Escort carrier sailors referred to the TBF as the "turkey" because of its size and maneuverability in comparison to the F4F Wildcat fighters in CVE airgroups.

Friday, November 14, 2014

Focke Wulf Ta 154 Moskito

Here are some images of Revell's 1/48 scale Focke Wulf Ta 154 "Moskito". Hailed by the propaganda ministry as Germany's Mosquito. The wooden Ta 154 had excellent performance and came very near to being a major combat type but it wasn't to be. The Tego film used to bond the wood together in earlier aircraft was satisfactory for use however after the RAF bombed the Tego film plant builders were forced to use a cold glue adhesive which proved to contain too much acid which of coarse ate away the wood, a problem that was never fully solved.

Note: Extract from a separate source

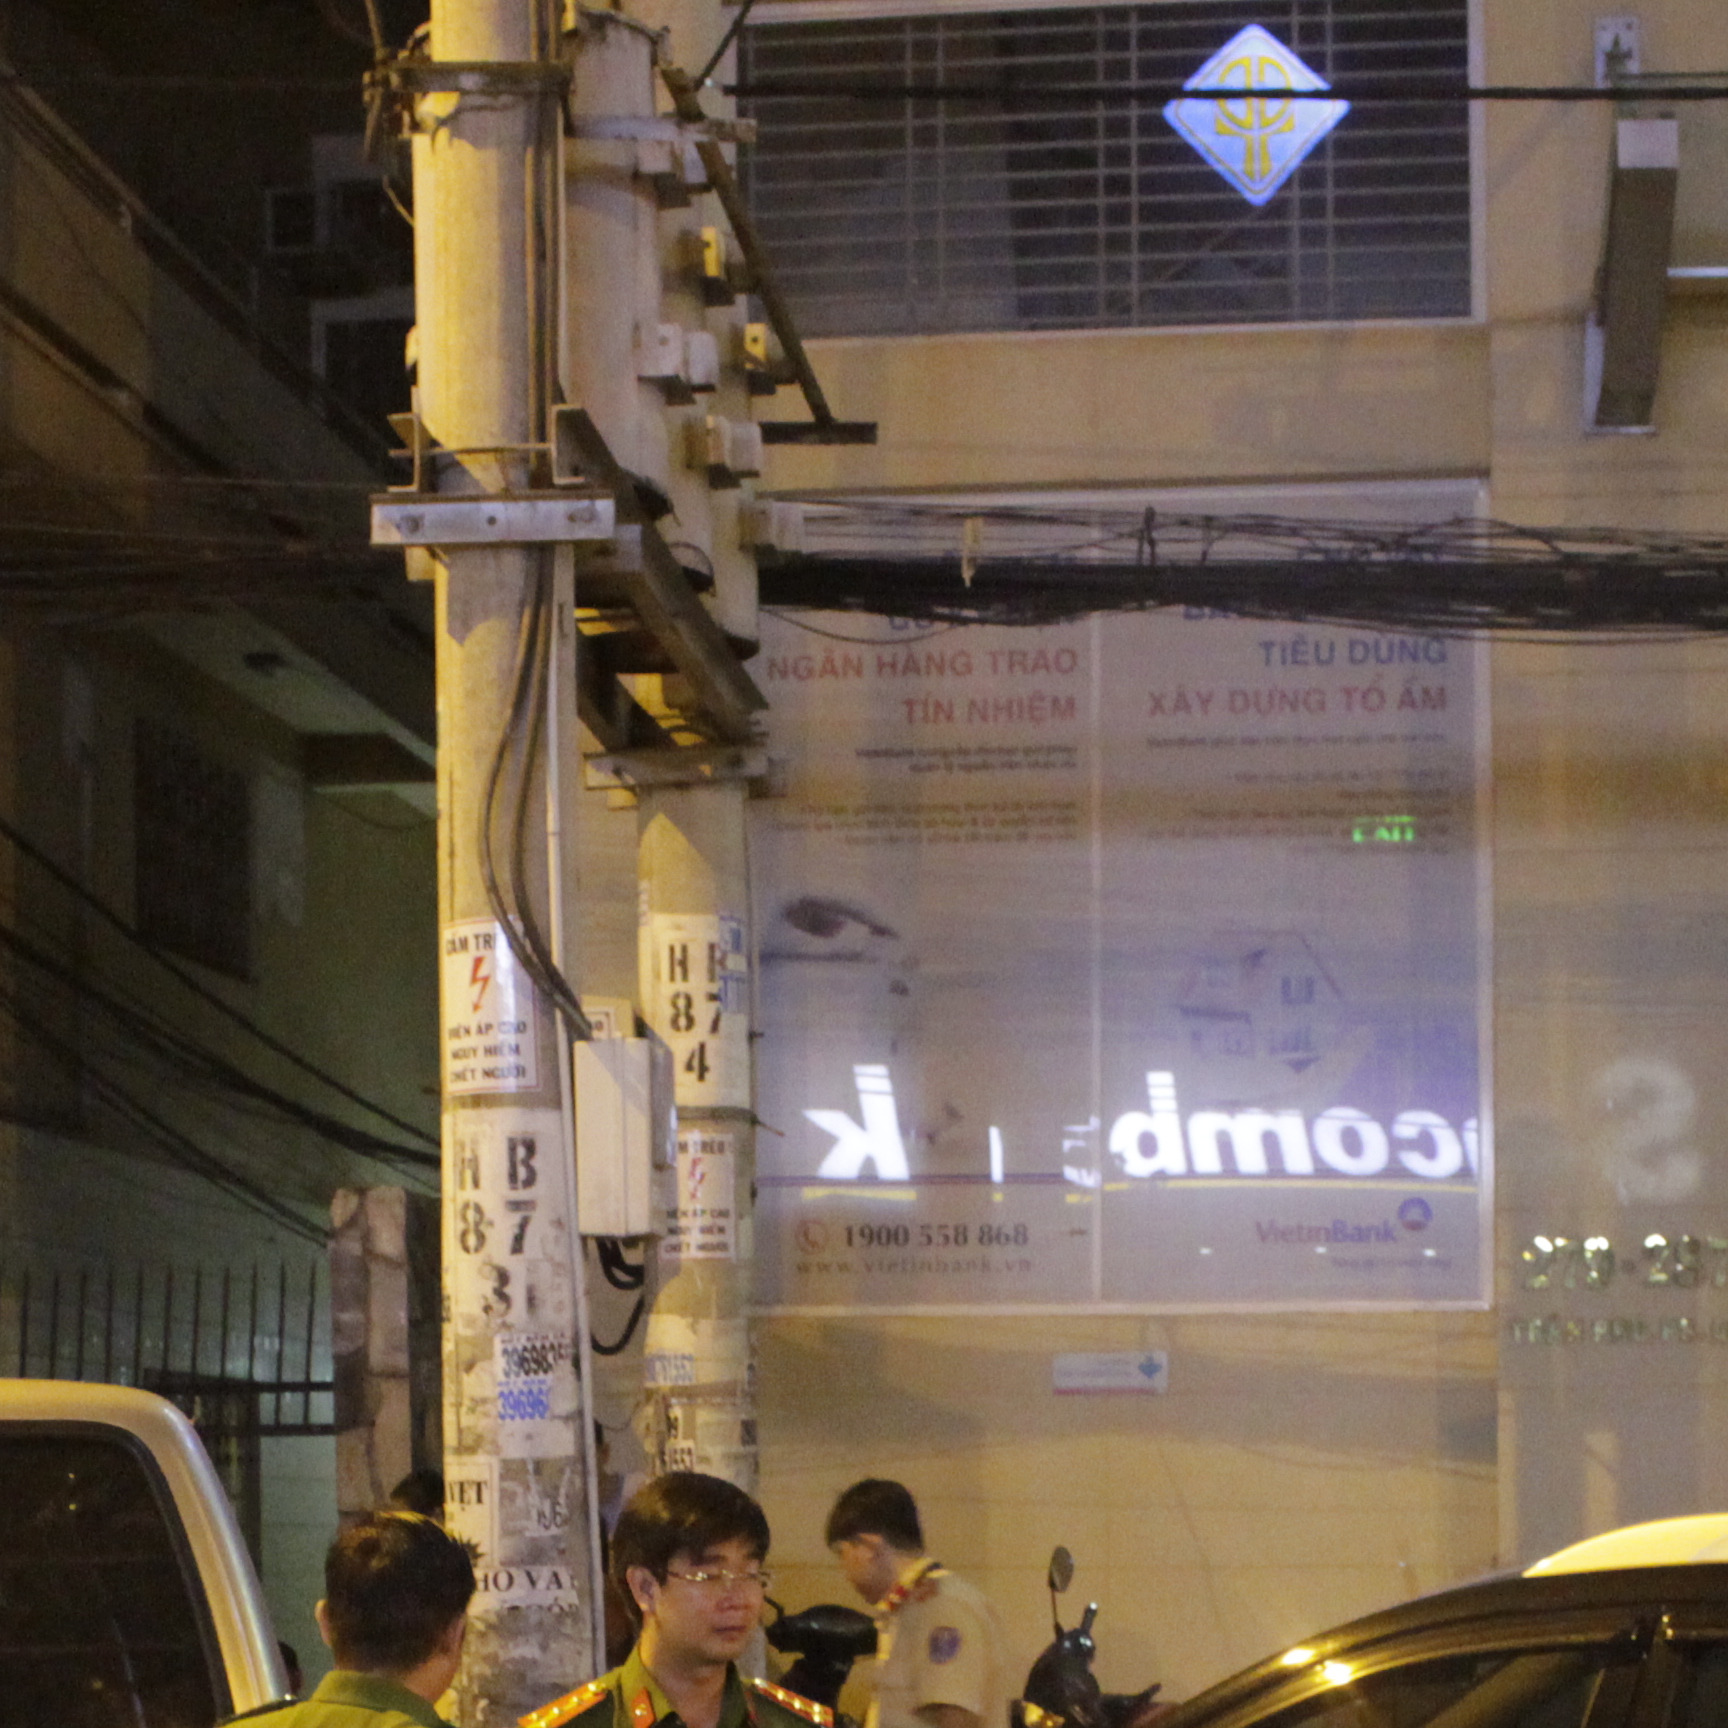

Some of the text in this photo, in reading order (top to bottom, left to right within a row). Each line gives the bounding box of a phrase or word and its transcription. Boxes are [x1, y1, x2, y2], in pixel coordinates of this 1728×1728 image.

[845, 1222, 1029, 1248] 1900 558 868
[1255, 1218, 1398, 1244] VietinBank

Wednesday, November 12, 2014

Mercedes-Benz SS 1927/28 Sonder Kabriolet Frame

Here are some images of Minicraft's 1/16 scale Mercedes-Benz SS 1927/28 Sonder Kabriolet Frame.
When I  got this kit it didn't dawn on me that the kit was missing a part of the body, and as I had already started it there was no way to return it. However I was lucky the my seller had another kit, which will be a subject for a future post.
So what does one do? With a bit of research and scratch building I was able to create a reasonable frame model, which will look great when sitting to the full build up version.